Iguazu Falls, Argentina

Next up, Iguazu Falls!  I bought a first-class “full cama” bus (champagne-included) and 16 hours later I was face to face with the most beautiful waterfalls I had ever seen.  I could understand where Eleanor Roosevelt was coming from, when upon her arrival to Iguazu, she proclaimed “Poor Niagra!”  While enjoying the falls, a Brazilian consulate processed my visa, and I was good to cross the border.

Iguazu Falls, Brazil

The Brazilian side of Iguazu proved to be just as beautiful, and during my visit I also crossed the border to see Ciudade Del Este, Paraguay.  This was the easiest border crossing I had done in years.  I negotiated a moto-taxi for 3 bucks (so good to be on one of those again), and we weaved through traffic and blew by customs.  I spent a few illegal hours in seldom-visited Paraguay and was back in Brazil again to catch yet another overnight bus, this time to Sao Paulo.

Moto-taxi into Ciudad del Este. These guys know how to cruise.

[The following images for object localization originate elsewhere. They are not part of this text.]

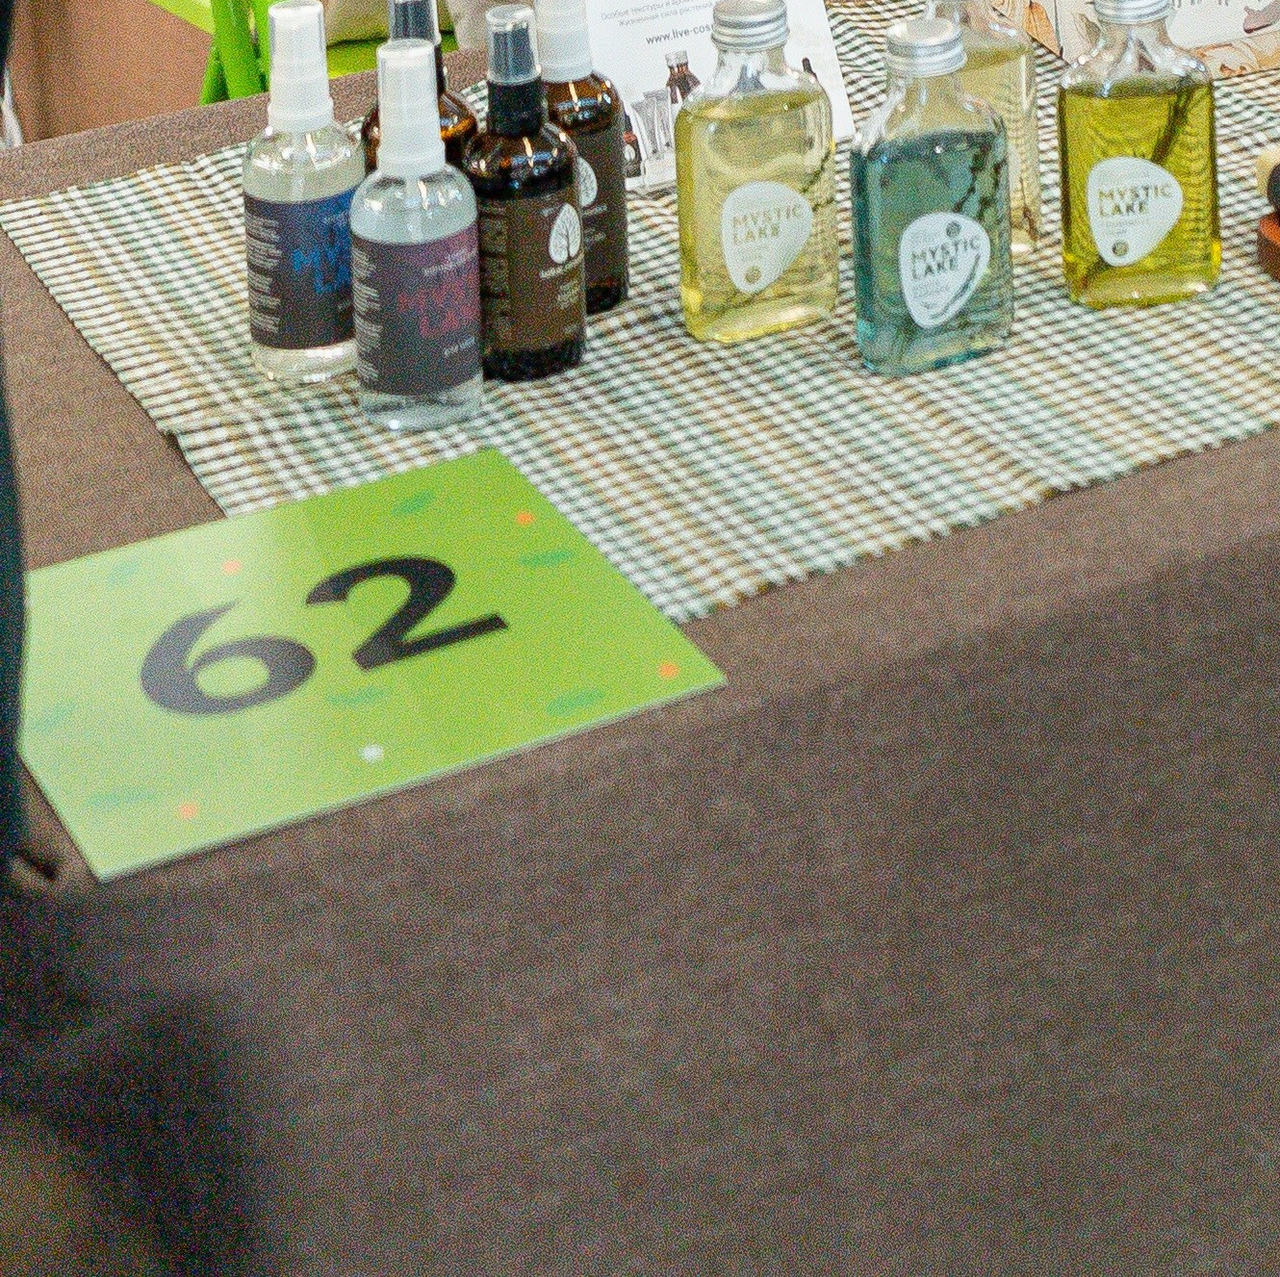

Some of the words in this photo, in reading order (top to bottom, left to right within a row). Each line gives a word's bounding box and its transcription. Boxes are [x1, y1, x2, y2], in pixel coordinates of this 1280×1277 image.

[1098, 183, 1173, 202] MYSTIC
[731, 203, 803, 229] MYSTIC
[1099, 200, 1149, 218] LAKE
[732, 222, 781, 246] LAKE
[911, 236, 981, 264] MYSTIC
[911, 256, 959, 280] LAKE
[139, 553, 510, 717] 62
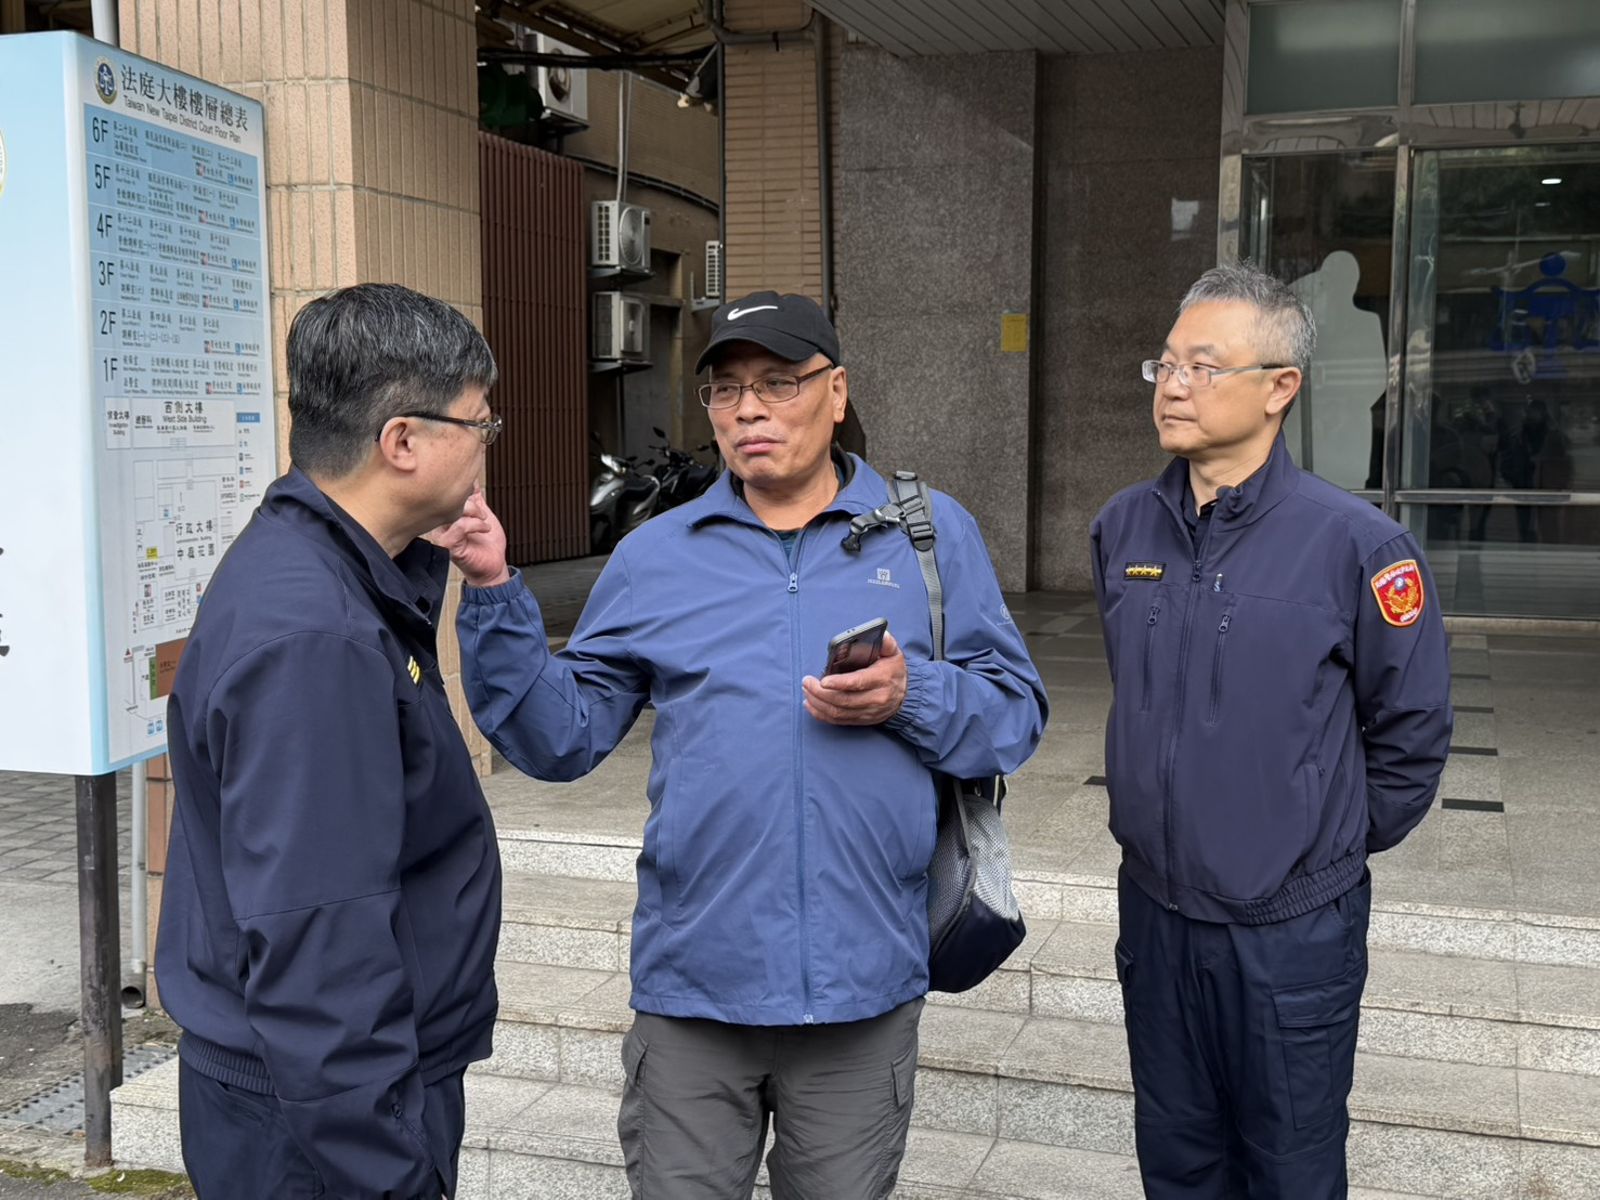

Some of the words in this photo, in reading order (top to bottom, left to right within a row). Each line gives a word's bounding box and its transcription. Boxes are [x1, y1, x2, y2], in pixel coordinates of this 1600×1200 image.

So after three overnight buses, and four countries in 48 overland hours of travel, I was in the Latin America’s biggest, most cosmopolitan city.  For the first time in six months of travel, I was greeted by a familiar face…Julia!  Julia is the girlfriend of my great college bud Rob and now a great friend of mine too.  She and her family took me in for a week of fun and relaxation in Sao Paulo, and now I’m off to spend the Easter weekend at their beach house.  I can’t do it justice enough to write what a wonderful family has hosted me here, so open-minded, thoughtful, and community-oriented.  Every family should be like this one.  Akin to my time in Buenos Aires, I was reminded that it’s not the places that make a trip, but the experiences you have.  Had I come to Sao Paulo solo, I would have departed within a few hours.  But because of the wonderful people I have shared time with here, I’m not ready to leave!

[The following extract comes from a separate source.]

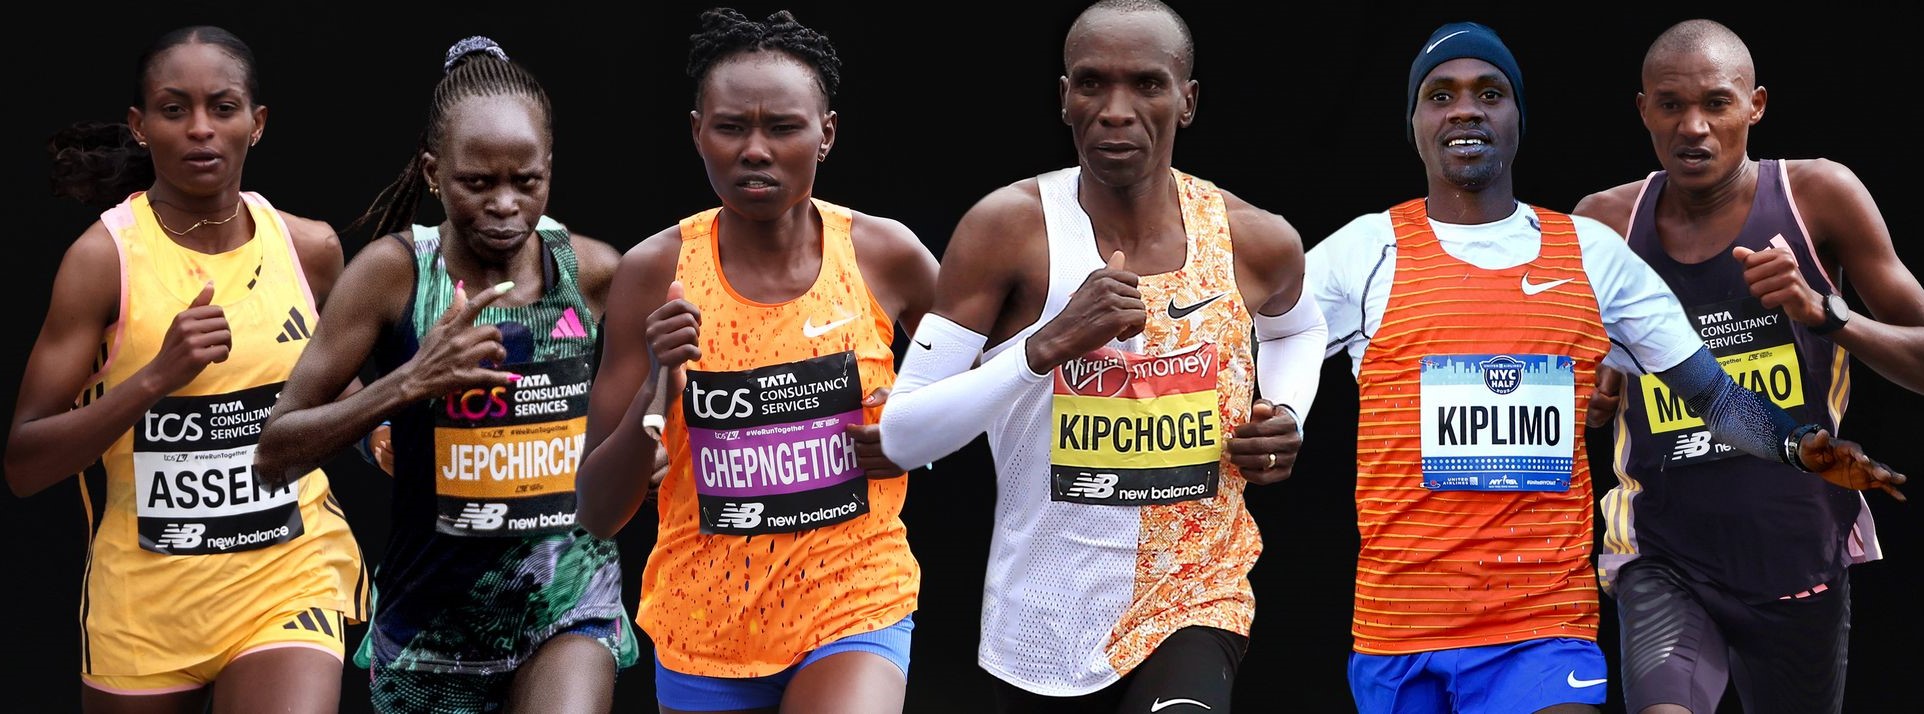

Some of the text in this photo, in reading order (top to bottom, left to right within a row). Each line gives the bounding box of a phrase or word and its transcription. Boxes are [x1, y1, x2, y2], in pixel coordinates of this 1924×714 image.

I audited a Race and Equity Law class. Enjoying pizza with the crew in Sao Paulo, home of the best pizza in South America.

El Superclasico – A Buenos Aires Football Classic

Utter chaos in a rainy Bombonero Stadium

On par with the greatest rivalries in sports, including Army-Navy, the Celtics-Lakers, and Real Madrid-Barcelona, there exists an inter-city clash of football clubs in Buenos Aires that causes more feuds than any other.  The Superclasico, an annual match between the Boca Juniors and River Plate is so intense that it tops the English newspaper The Observer’s list of the “50 sporting things you must do before you die.” (click here)

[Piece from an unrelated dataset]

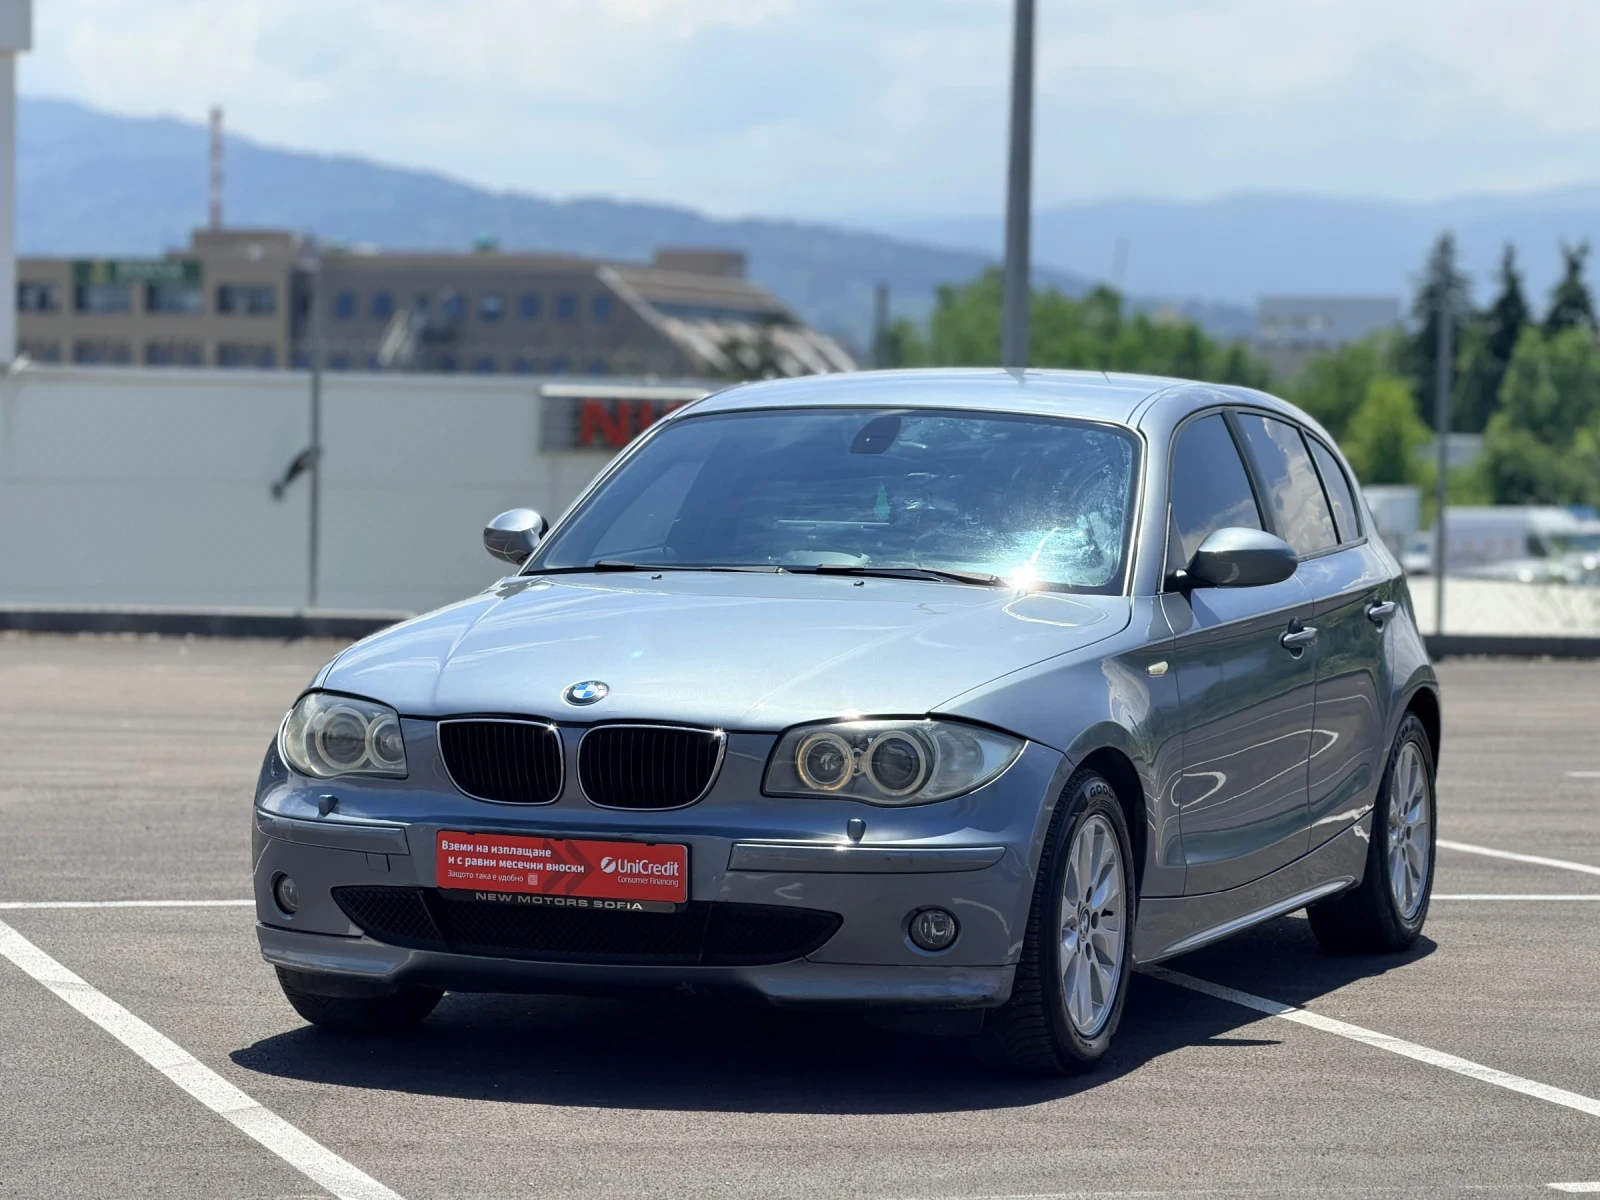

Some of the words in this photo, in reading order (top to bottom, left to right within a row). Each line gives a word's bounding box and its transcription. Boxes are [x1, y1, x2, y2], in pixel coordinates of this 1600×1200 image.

I had wanted to see just one football game before I left Argentina, and by chance I arrived to Buenos Aires 26 hours before the start of the Clasico.  Que suerte!  Signs in the tourism office and hostels were advertising tickets for 150 – 250 dollars, which included transport, pizza, and a guide.  Pizza and a transport would be nice, but what the hell does one need a guide for at a football match?  “To take care of you,” they said.  “I would never recommend a foreigner go to this barrio or inside the stadium by himself.”   What a joke.

I was told not to go because it was too dangerous, which for ten-year-old stubborn me, made it pretty much mandatory.  General tickets were sold out months ago, so I figured I’d test out my scalping skills outside of La Bombonero, the home stadium of Boca Juniors.  I arrived five minutes before the game started, in an all-out downpour and what seemed to be a good market for a buyer.  Within minutes I found a dealer.  He wanted sixty dollars for nosebleed seats.  I moved on and soon found a guy who was selling for twelve.  The only hitch was that it was on the visitor’s side.  I was told to root for the home squad, Boca Juniors, but a cheaper ticket would easily sway me in favor of River.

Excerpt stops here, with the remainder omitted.